Many sons and daughters were born to Adam after Seth, but Seth was the named successor and so the head of the line that were sons to God (remember Luke 3). At that time, the Sethite, human, sons of God began to call on the name of the LORD. So the situation leading up to the Nephilim account was that, near the beginning of human history, God's judgment had separated the line of Cain from the rest of humanity because of violence. The line of Cain was human, certainly, but it was the line of Seth, though human as well, that carried the name of God, called on that name and had the distinction of being called "sons of God."
At some point in time, when Cain's line had multiplied sufficiently, the males of Seth's line began running into and noticing the daughters of Cain's line. They were beautiful. The Sethite sons of God took (in a replication of Eve’s sin in garden) as many as they wished as wives and cross-bred. Since the cross-breeding was only one way (Seth’s line took Cain’s women, but Cain's line did not take Seth’s women) the implication is that unequal strength was brought to bear, perhaps even... violence.
The interbreeding within Cain’s line up to the time of this cross-breeding produced a much more constrained gene pool in Cain's line as compared to Seth's. When the lines cross-bred, gigantism manifested, probably not dissimilarly to the production of ligers when lions breed with tigers.
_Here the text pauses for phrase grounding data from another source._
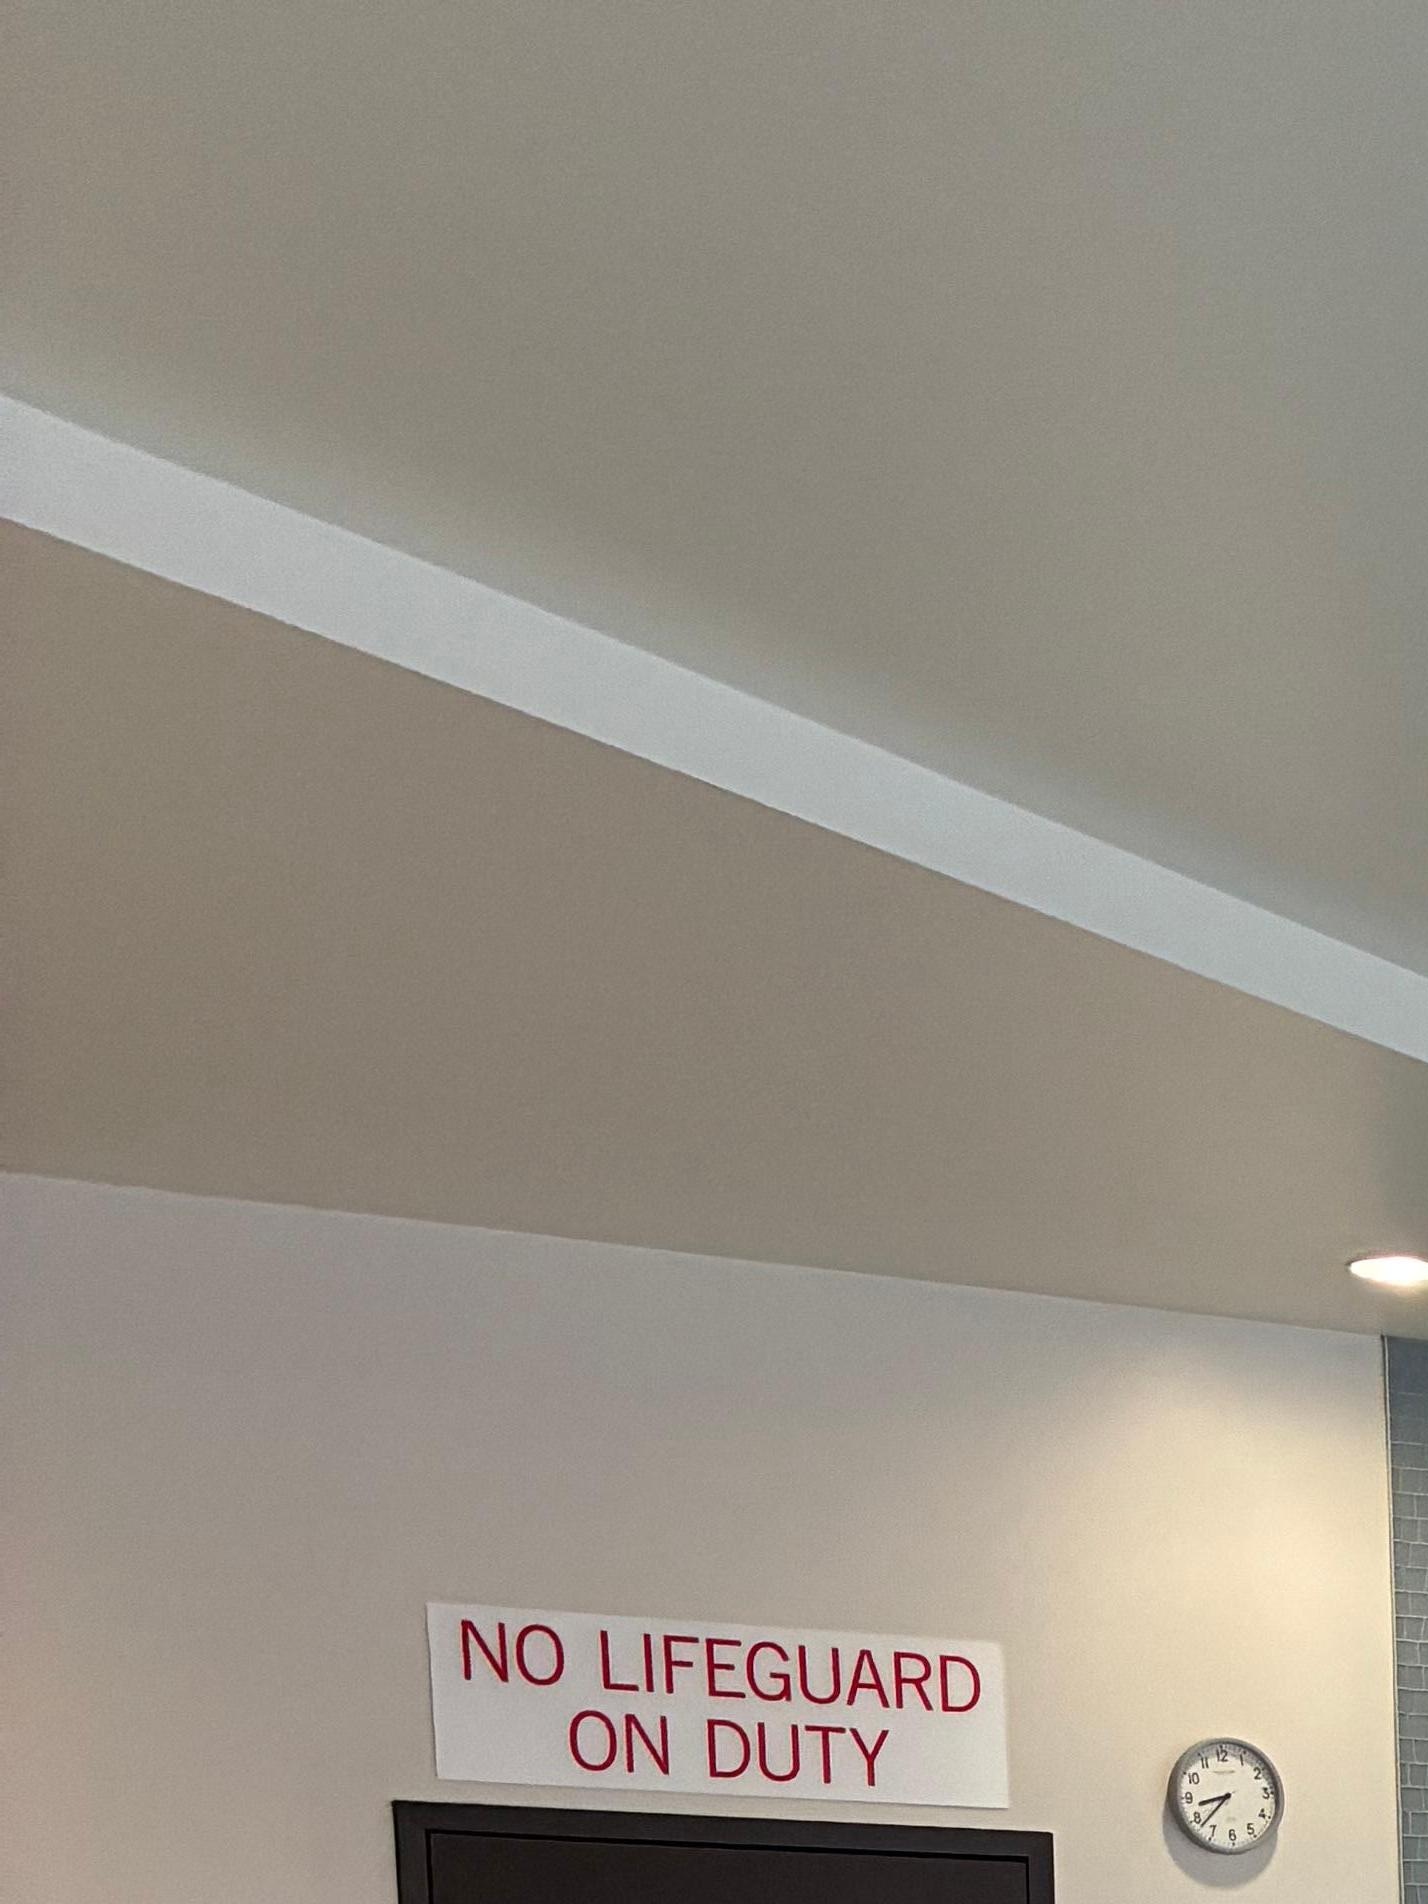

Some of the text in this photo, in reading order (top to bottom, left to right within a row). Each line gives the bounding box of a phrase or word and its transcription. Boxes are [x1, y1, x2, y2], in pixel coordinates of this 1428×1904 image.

[460, 1619, 982, 1713] NO LIFEGUARD
[568, 1709, 890, 1787] ON DUTY
[1216, 1749, 1228, 1762] 12
[1240, 1754, 1244, 1766] 1
[1201, 1757, 1209, 1769] 11
[1188, 1772, 1200, 1784] 10
[1253, 1767, 1262, 1780] 2
[1185, 1791, 1193, 1804] 9
[1262, 1787, 1270, 1799] 3
[1193, 1811, 1202, 1824] 8
[1258, 1808, 1266, 1819] 4
[1209, 1825, 1217, 1838] 7
[1228, 1829, 1237, 1841] 6
[1247, 1823, 1255, 1835] 5
The giants thus produced were called “Nephilim.” These folks of great stature physically also gained stature socially, and I think the inference that they did so through violence is reasonable.
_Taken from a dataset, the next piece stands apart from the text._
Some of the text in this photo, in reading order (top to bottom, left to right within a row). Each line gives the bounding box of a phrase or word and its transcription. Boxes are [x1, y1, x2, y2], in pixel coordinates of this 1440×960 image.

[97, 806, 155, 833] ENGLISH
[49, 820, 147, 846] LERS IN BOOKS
It seems that the gene signal for gigantism remained a recessive trait in some of those descended from cross-breeding but not expressing it. This may have been the case for Noah's daughters-in-law, or Noah's wife, or maybe even in Noah himself, maybe even some combination of all those possibilities. Whatever the source, in the post-diluvian Sethite race derived from Noah's sons and their wives, gigantism manifested itself again. When it did, it seems the same proclivity toward violence and notoriety was manifested in Nephilim whether prediluvian or post.
The problem that led to The Flood, with all it's death and destruction, was that the human, but godly line of Adam and Seth had become violent, like the human but ungodly line of Cain. In the mixture of those populations, violence filled the earth and giants roamed the land. God regretted having made any of them and so judgment came in a deluge. So there it is, simple and straightforward—no angels, no angelic hybrids—just human sinners doing as sinners do, all the time.
Thankfully, Noah found grace in the eyes of the Lord, and so can we.